Per concludere c’è stata anche una tappa importante ad Alpignano nella quale ho potuto visitare i grandi combattenti della missione. In quel municipio torinese la comunità ha una casa destinata ai missionari anziani che hanno donato tutta la loro vita al Signore e alla missione. Si tratta quindi di un ambiente fatto apposta per il riposo e la tranquillità di persone cariche di anni e con qualche problema di salute. Ne ho trovati tanti: alcuni conosciuti e altri a me sconosciuti. Ma una cosa è chiara: tutti aspettano la corona; perché, come dice l'apostolo Paolo: “Ho combattuto la buona battaglia, ho terminato la mia corsa, ho conservato la fede. Ora mi resta solo la corona di giustizia che il Signore, giusto giudice, mi consegnerà in quel giorno; e non solo a me, ma anche a tutti coloro che attendono con amore la sua manifestazione” (2 Tim 4,7-8). Questa è la sensazione che ho provato parlando con alcuni di loro; sono l’esempio vivente di cosa vuol dire donare la propria vita al Signore!

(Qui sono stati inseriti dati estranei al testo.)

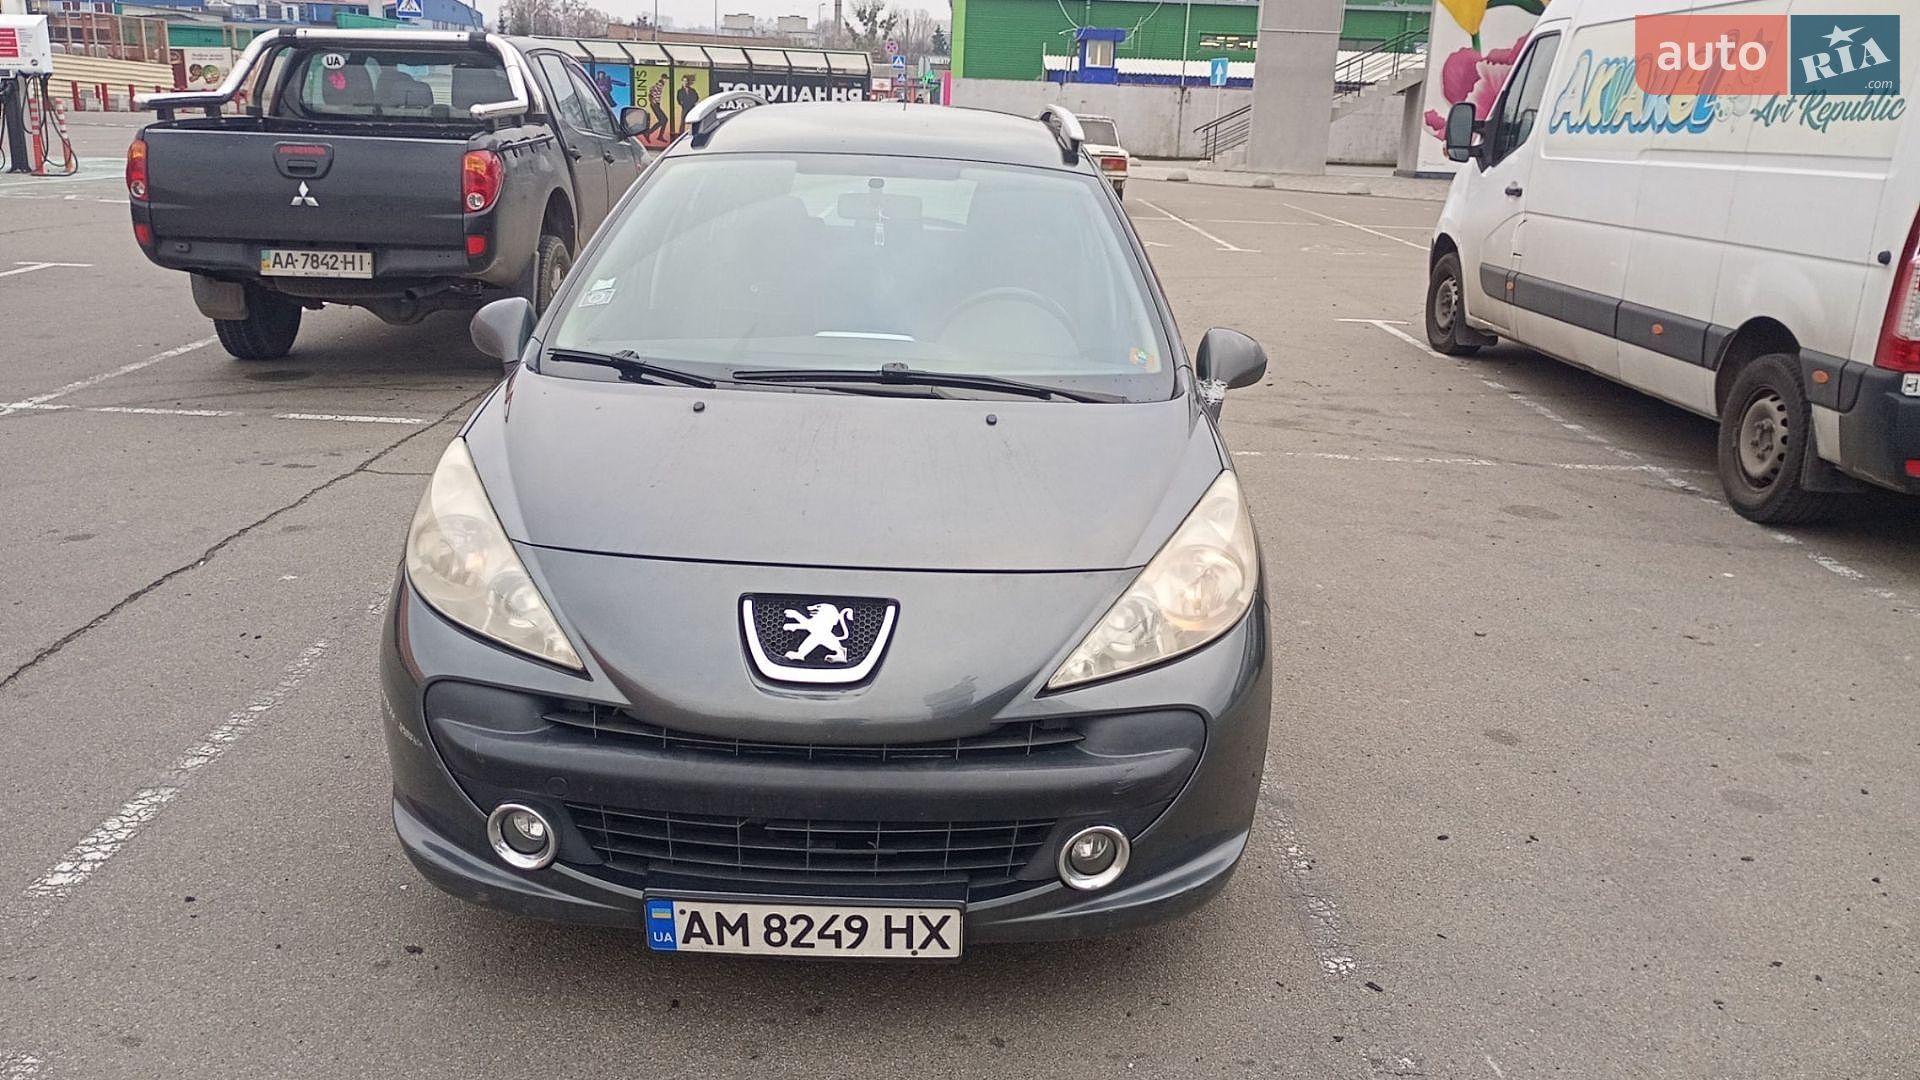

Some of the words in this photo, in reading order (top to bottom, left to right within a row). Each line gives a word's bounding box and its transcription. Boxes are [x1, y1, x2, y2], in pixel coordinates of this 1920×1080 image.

[326, 56, 341, 66] UA
[637, 70, 647, 107] OLIN'S
[1750, 90, 1797, 127] Art
[1800, 88, 1906, 133] Republic
[271, 252, 296, 269] AA
[300, 253, 339, 270] 7842
[653, 931, 673, 942] UA
[682, 910, 750, 947] AM
[763, 913, 869, 949] 8249
[884, 914, 952, 950] HX

È stato un onore per me averli conosciuti.
Padre Genaro Ardila, padre Innocent Mbisamulo e padre Edilberto Meza Olivera
Tutte queste esperienze mi hanno rinnovato; arrivare alle fonti ha prodotto in me una importante ricarica spirituale e vocazionale.
Ora mi sto preparando per andare in Congo, la mia nuova destinazione. Posso dire che grazie a questo periodo sabbatico mi sento fresco e pronto ad iniziare una nuova sfida missionaria. Vorrei quindi cogliere l'occasione per ringraziare tutti i confratelli della casa generalizia per avermi accolto. Con loro ho trascorso momenti piacevoli. Ho imparato molto da ciascuno di loro. Vi porterò sempre nelle mie umili preghiere quotidiane.

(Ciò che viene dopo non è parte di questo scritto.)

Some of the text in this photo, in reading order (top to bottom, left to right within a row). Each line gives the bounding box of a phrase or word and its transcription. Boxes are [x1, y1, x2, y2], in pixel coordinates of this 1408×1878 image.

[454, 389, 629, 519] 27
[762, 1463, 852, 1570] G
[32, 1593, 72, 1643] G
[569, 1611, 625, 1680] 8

In particolare, ringrazio padre José Martins Fernandes, superiore della comunità, che per me è stato davvero un padre e mi ha messo in condizione di vivere questo periodo in modo proficuo. E anche Padre Gabriele Casadei, economo della casa, per avermi sempre accolto e servito con un sorriso contagioso e caloroso.

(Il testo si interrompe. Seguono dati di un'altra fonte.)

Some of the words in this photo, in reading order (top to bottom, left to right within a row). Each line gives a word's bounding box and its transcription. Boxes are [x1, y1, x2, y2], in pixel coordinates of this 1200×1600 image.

Vorrei anche ringraziare tutti coloro che collaborano alla manutenzione quotidiana della casa: cucina, pulizia delle camere, portineria, lavanderia, giardino. Vi porterò tutti nel mio cuore.
Lo Spirito del nostro Padre Fondatore, che presto sarà proclamato santo, possa sempre mantenerci uniti. Saluto tutti e ci vediamo la prossima volta!
* Padre Innocent Bakwangama Mbisamulo, IMC, missionario nella RD del Congo.